La reedición de La orquesta roja aparece a través del sello Punto de Encuentro. Si el libro de Gilles Perrault, publicado por primera vez en francés en 1967, fue un aporte decisivo para la leyenda, rubricado a continuación por El gran juego (1975), las memorias de Trepper, el historiador Guillaume Bourgeois cuestiona la versión y define al célebre espía como “un súper mentiroso más que un mitómano” en La verdadera historia de la orquesta roja, publicado en Francia en 2015.
En busca del hombre invisible
Perrault (1931) compara las investigaciones históricas con la tarea de buscar un dinosaurio. Los restos, dice, están dispersos y enterrados a mucha profundidad. En ese sentido, “el espía constituye probablemente la peor especie”: a diferencia de un general que tiene una trayectoria pública, registrada en documentos y en libros, un espía “es el Hombre Invisible” que se preocupa por borrar sus rastros, por lo que el biógrafo se ve obligado a imaginar detalles, circunstancias y diálogos que no están acreditados.
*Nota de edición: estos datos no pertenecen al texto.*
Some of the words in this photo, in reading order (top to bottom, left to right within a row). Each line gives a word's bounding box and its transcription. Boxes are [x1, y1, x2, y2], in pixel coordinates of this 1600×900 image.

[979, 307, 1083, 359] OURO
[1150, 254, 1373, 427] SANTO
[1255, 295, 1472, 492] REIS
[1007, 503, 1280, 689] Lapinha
Sin embargo, Perrault se impuso contar la historia sin abusar de la ficción por respeto a los personajes, a los que admira por lo que hicieron, por su sacrificio y por la indiferencia con que fueron recibidos en la ex Unión Soviética. Su exhaustivo relato está basado en entrevistas que realizó con militares y ex agentes nazis y con sobrevivientes de la orquesta roja, entre ellos Trepper.
Perrault abjura de “la técnica novelesca” y reclama el estatuto histórico para su relato. Con el transcurso del tiempo, y la difusión de otras investigaciones sobre el tema, el carácter documental de La orquesta roja es menos firme y el texto se desplaza hacia la literatura de espionaje basada en hechos históricos, en línea con Los 39 escalones (1915), de John Buchan, una intriga con espías sobre el trasfondo de la Primera Guerra Mundial y El ejército de las sombras (1943), de Joseph Kessel, sobre la resistencia francesa contra el nazismo.
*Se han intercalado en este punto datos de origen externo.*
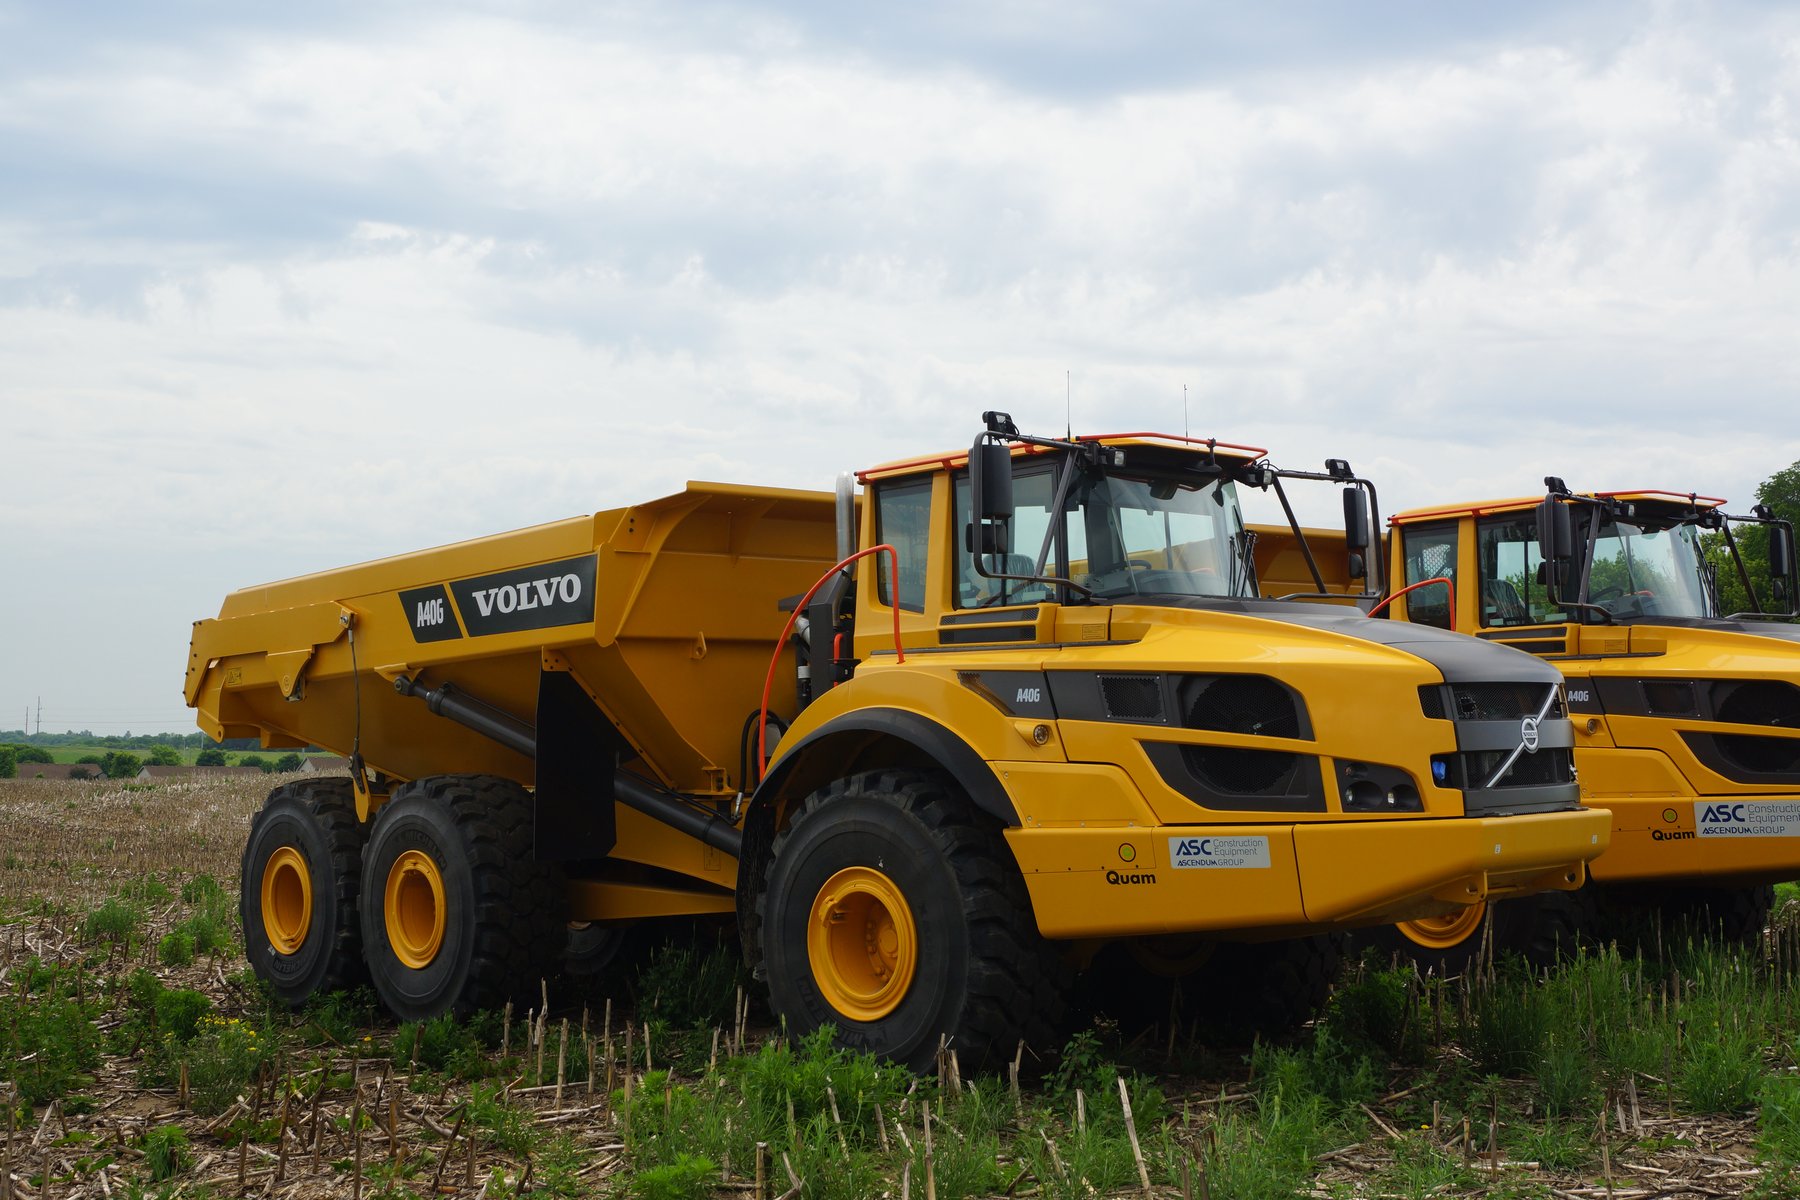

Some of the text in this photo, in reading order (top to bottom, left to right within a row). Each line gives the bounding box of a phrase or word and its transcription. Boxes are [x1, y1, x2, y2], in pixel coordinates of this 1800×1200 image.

[472, 573, 582, 617] VOLVO
[417, 598, 444, 628] A40G
[1016, 688, 1040, 703] A40G
[1567, 690, 1589, 702] A40G
[1701, 804, 1745, 822] ASC
[1652, 830, 1695, 841] Quam
[1702, 826, 1785, 834] ASCENDUM GROUP
[1176, 839, 1212, 855] ASC
[1212, 838, 1263, 848] Construction
[1214, 847, 1258, 857] Equipment
[1106, 870, 1156, 885] Quam
Nacido el 23 de febrero de 1904 en un pueblo de la región de Galitzia, entonces parte del Imperio Austro Húngaro y hoy de Polonia, Trepper organizó la red y reclutó a sus integrantes entre jóvenes comunistas hacia 1938. La cobertura inicial fue una empresa dedicada a la exportación de impermeables, con sede en la ciudad de Bruselas.
La reconstrucción de Perrault idealiza a los integrantes de la organización, una “vieja guardia” llevada por ideales: “No son exactamente profesionales del espionaje; no se parecen en nada a esos supermen de la literatura del espionaje que, acorazados con gadgets, ejecutan no importa qué misión para no importa qué cliente; se diferenciaban incluso de los profesionales de hoy, comunistas o no, en los cuales la pasión por su especialidad ha reemplazado a la fe desaparecida”.
Perrault dice que Trepper era conocido dentro de la red como “el Gran Jefe” y que entre otros logros la organización fue “capaz de seguir diariamente los movimientos de Hitler”. La posteridad le atribuye a la orquesta roja el aviso que Stalin recibió sobre la invasión nazi a la Unión Soviética y al que el dictador no le dio importancia. Otras versiones adjudican esa advertencia desoída a Richard Sorge, espía soviético disimulado como periodista en Japón.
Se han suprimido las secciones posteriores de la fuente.